Dans ce numéro, une place est laissée aux aspects méthodologiques et réflexifs relatifs aux terrains réalisés au sein des institutions dites totales. Audrey Linder revient dans son article sur son enquête ethnographique en psychiatrie communautaire, et met en valeur la façon dont l’entrée dans l’institution et le positionnement sur le terrain influent sur le type de données produites. Elle propose une analyse qui tend à démontrer que la prise de distance avec le concept d’institution totale liée à l’évolution diachronique de l’institution psychiatrique est susceptible d’invisibiliser les rapports de pouvoir qui sous-tendent les rapports entre patients et soignants. Mathias Thura propose lui aussi une perspective méthodologique en abordant l’institution militaire par le biais des positions occupées par le chercheur, insider ou outsider, et des conséquences que le choix d’une position ambivalente (entre proximité et distance) peut avoir sur ses analyses. Son article propose d’examiner les postures d’enquête par observation directe expérimentées au sein des forces armées, et d’interroger les conditions historiques, organisationnelles et sociales qui permettent de s’y établir et d’y conduire un terrain à caractère ethnographique.
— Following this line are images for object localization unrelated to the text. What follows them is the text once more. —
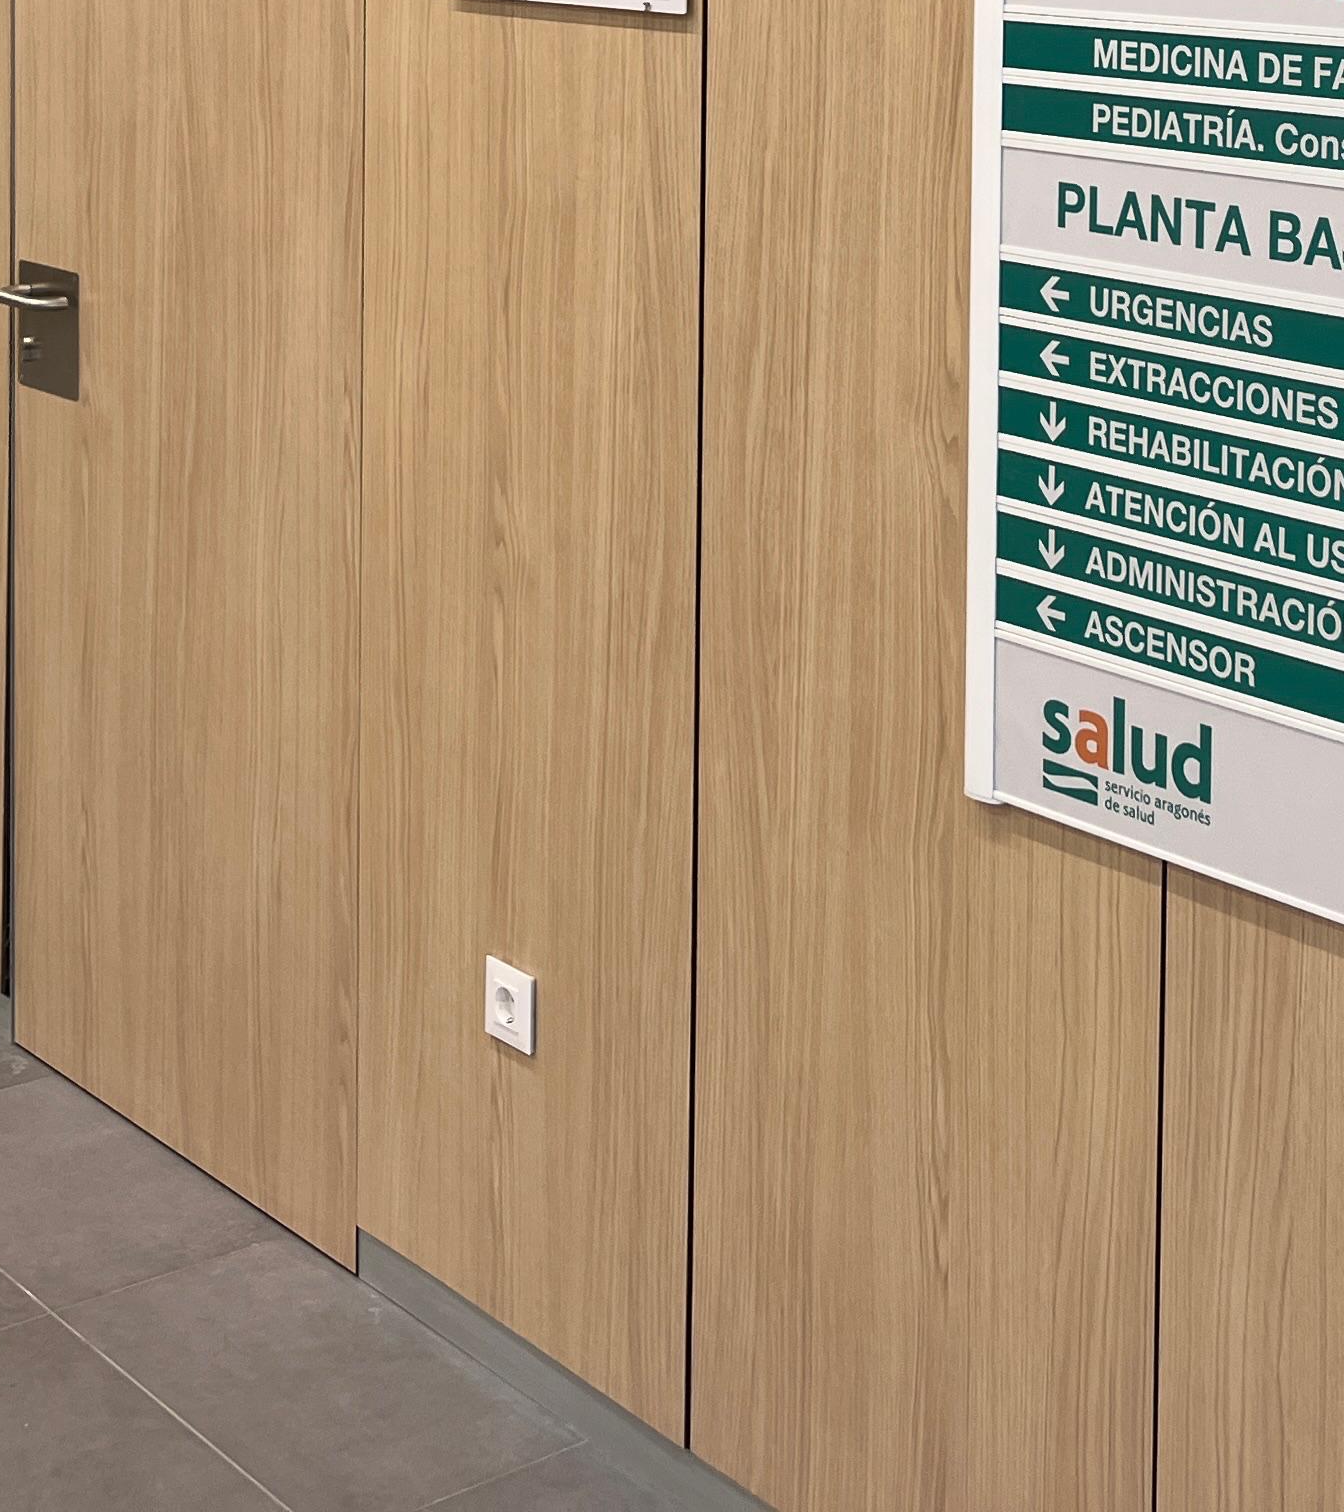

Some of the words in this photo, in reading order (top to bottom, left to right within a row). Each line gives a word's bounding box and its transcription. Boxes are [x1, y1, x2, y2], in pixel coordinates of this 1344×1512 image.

[1094, 39, 1248, 81] MEDICINA
[1259, 52, 1302, 86] DE
[1093, 104, 1263, 151] PEDIATRÍA.
[1058, 183, 1251, 257] PLANTA
[1091, 286, 1272, 347] URGENCIAS
[1090, 352, 1338, 429] EXTRACCIONES
[1085, 482, 1244, 547] ATENCIÓN
[1254, 523, 1295, 561] AL
[1085, 611, 1255, 686] ASCENSOR
[1042, 696, 1212, 803] salud
[1105, 781, 1150, 805] servicio
[1155, 798, 1210, 826] aragonés
[1105, 797, 1119, 813] de
[1123, 806, 1154, 825] salud
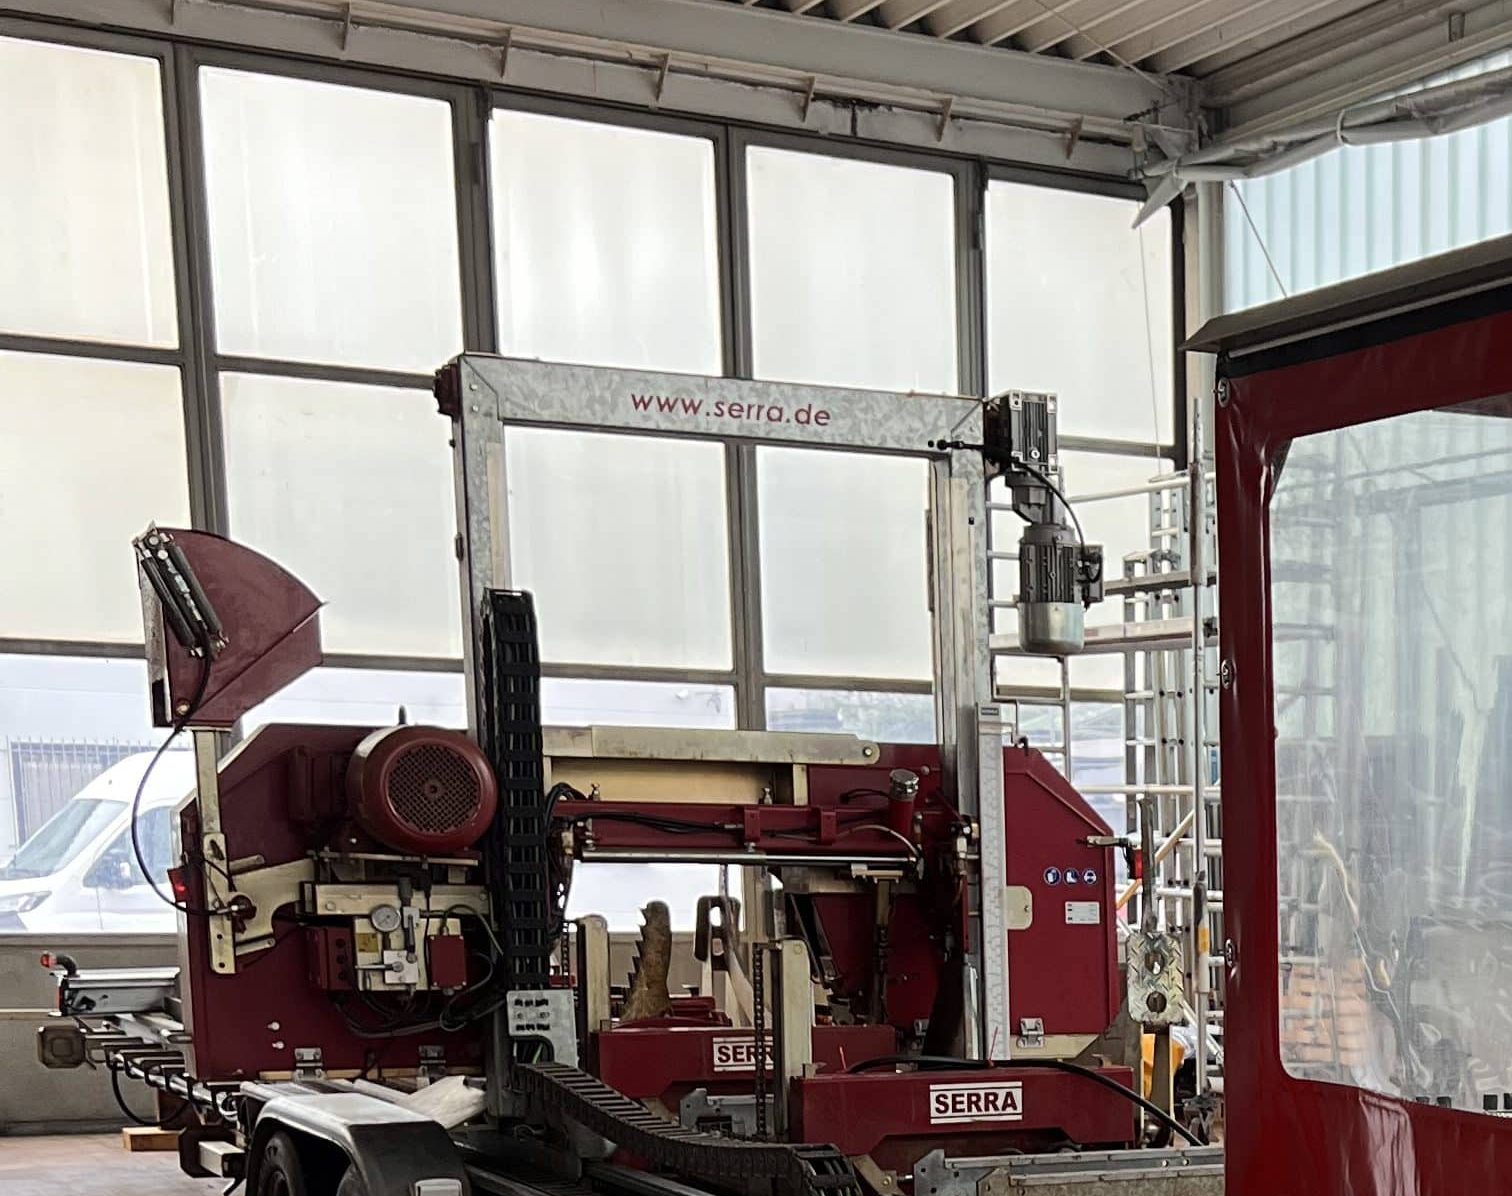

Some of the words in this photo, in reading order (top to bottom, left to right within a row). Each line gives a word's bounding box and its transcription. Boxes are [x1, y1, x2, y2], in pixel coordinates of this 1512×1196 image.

[631, 393, 831, 426] www.serra.de
[717, 1045, 774, 1063] SERR
[935, 1091, 1018, 1114] SERRA
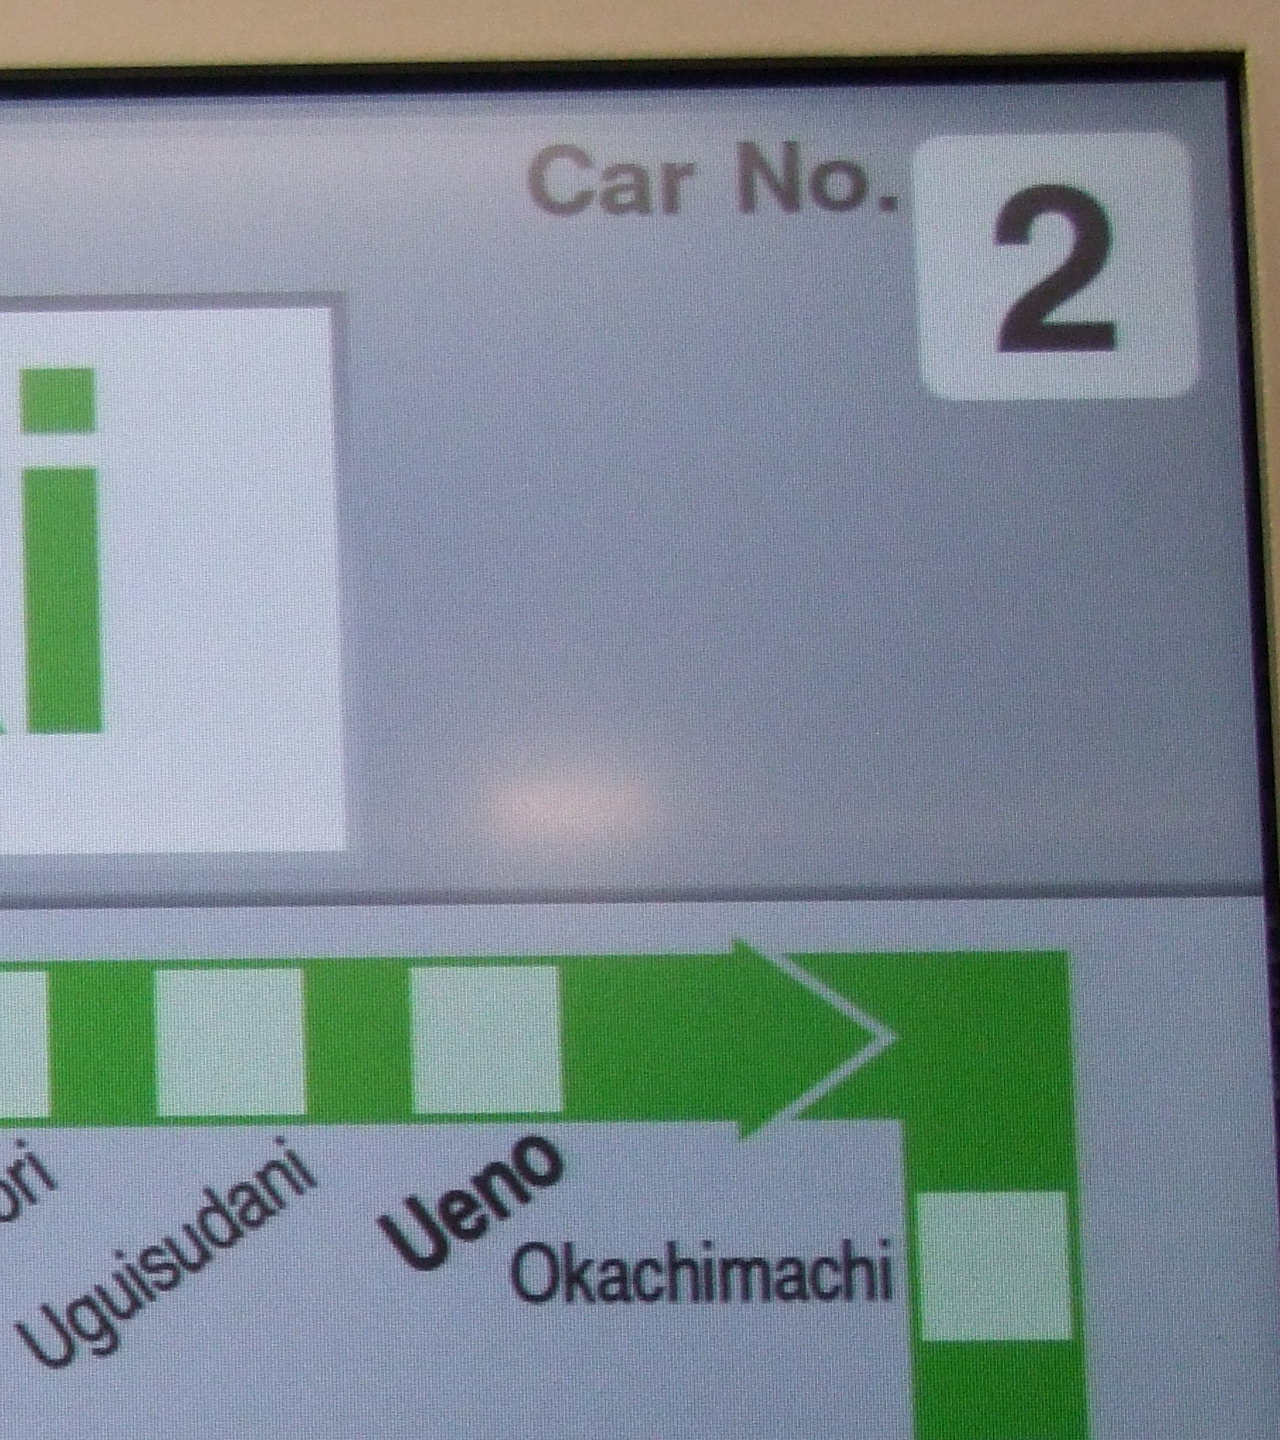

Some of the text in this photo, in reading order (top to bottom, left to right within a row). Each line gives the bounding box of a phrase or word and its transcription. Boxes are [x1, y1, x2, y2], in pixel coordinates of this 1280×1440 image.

[528, 140, 1116, 353] Car No. 2
[15, 1134, 321, 1375] Uguisudani
[376, 1134, 565, 1273] Ueno
[510, 1240, 893, 1306] Okachimachi
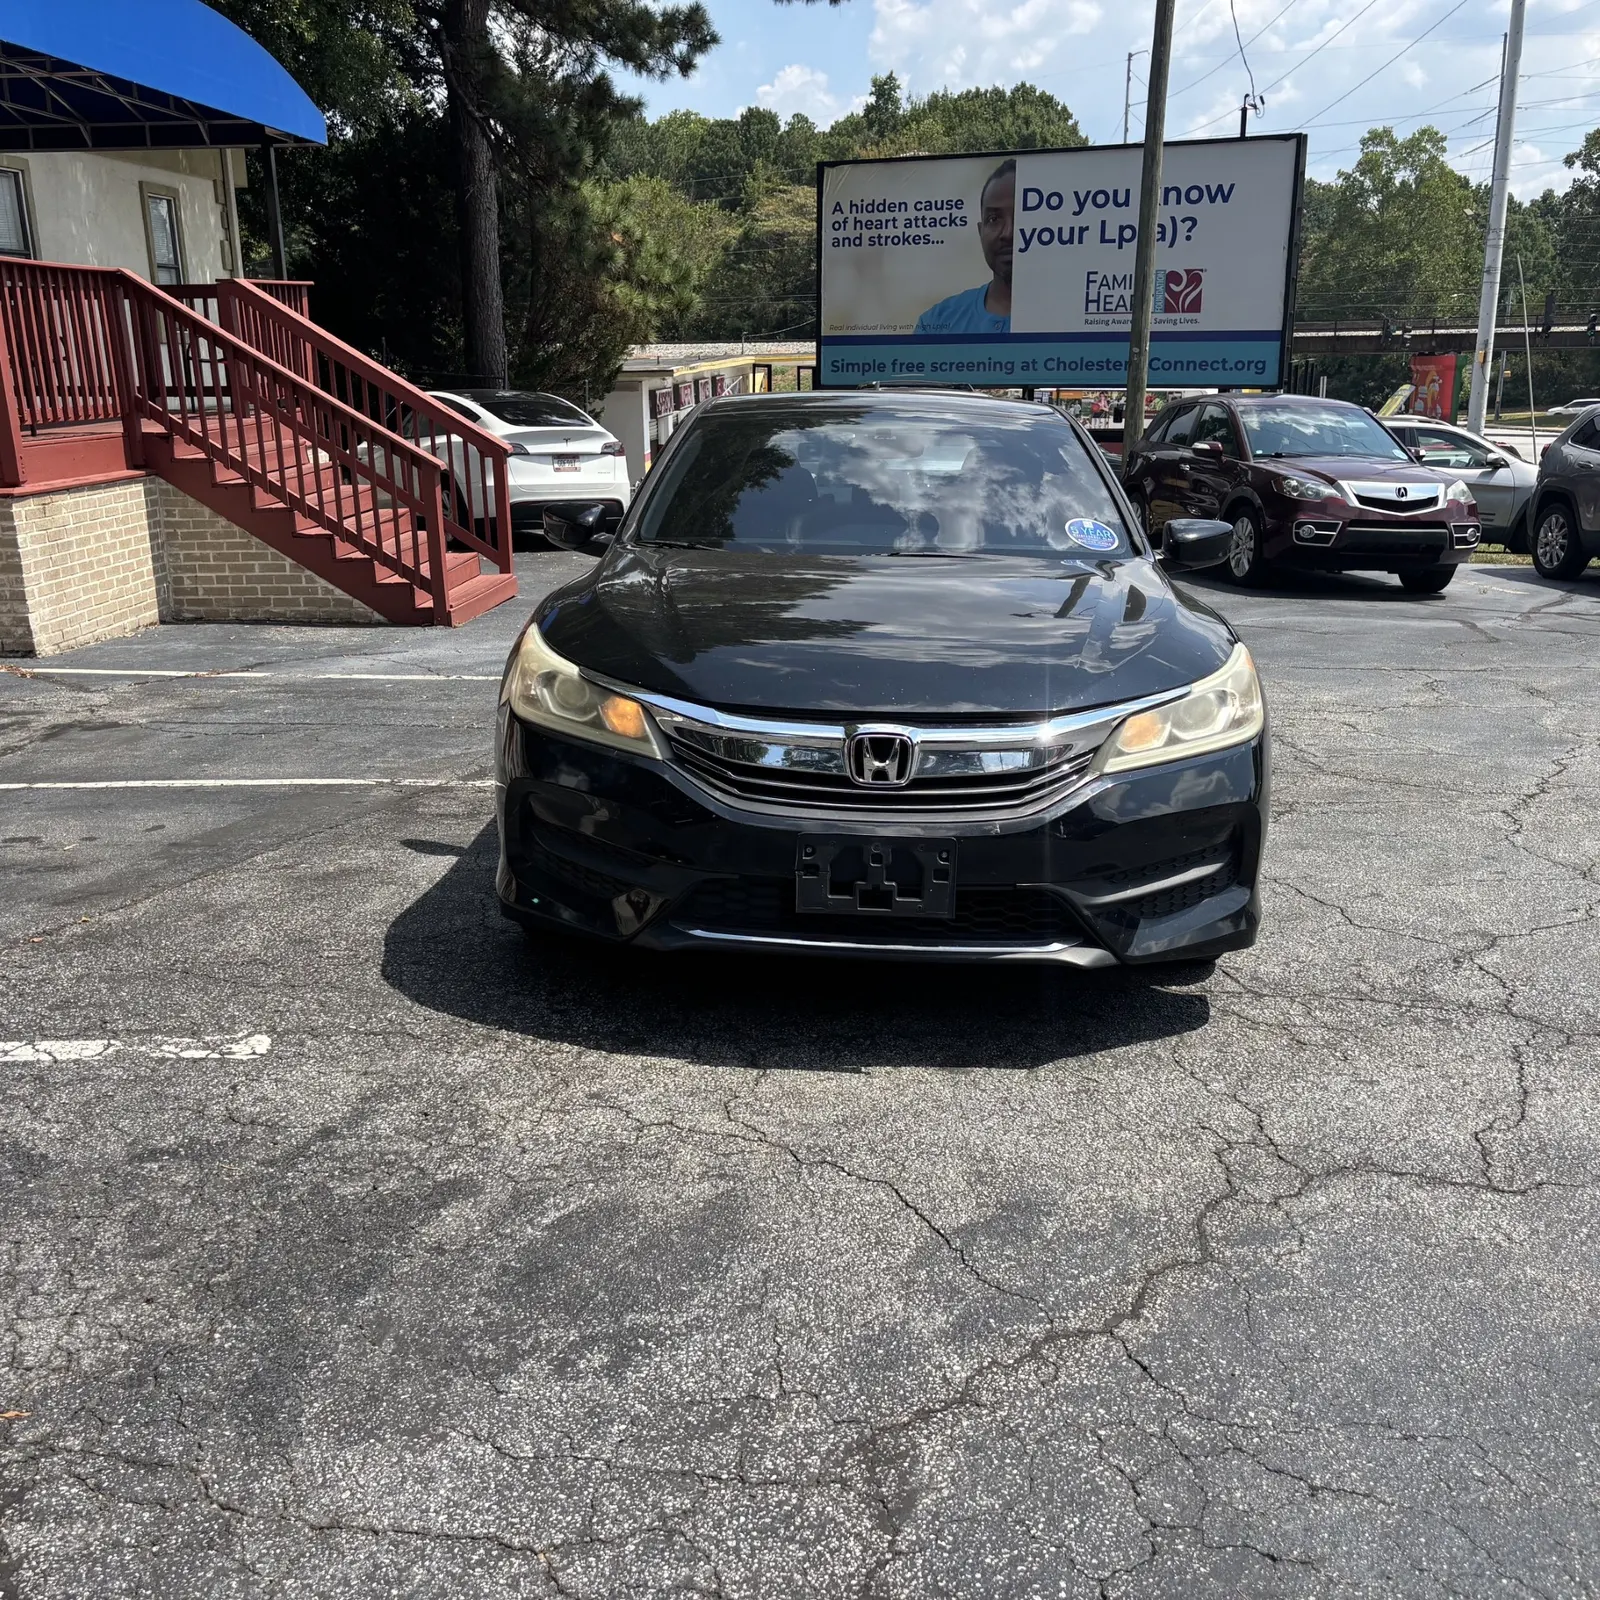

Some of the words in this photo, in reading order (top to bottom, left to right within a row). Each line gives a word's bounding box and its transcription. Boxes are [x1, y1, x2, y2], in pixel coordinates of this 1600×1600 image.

Ainsi, les différentes contributions de ce numéro témoignent-elles de la vitalité du concept d’institution totale qui, loin d’être obsolète, reste un outil heuristique encore fécond pour étudier les institutions sociales dans leur globalité : armée, monastère, hôpital psychiatrique, prison, institutions de soin dédiées aux personnes diagnostiquées démentes, ou en en circonscrivant des segments : unité de réhabilitation en psychiatrie sociale et communautaire, bloc opératoire pédiatrique, communautés thérapeutiques pour usagers de drogue. S’il importe aujourd’hui d’ethnographier les institutions totales, comme le font les auteur·es de ce numéro, c’est autant pour retrouver leurs traces – que reste-t-il de « totale » dans ces institutions – que pour y trouver une juste place entre les gardiens et les reclus, entre le dedans et le dehors, entre description et dénonciation.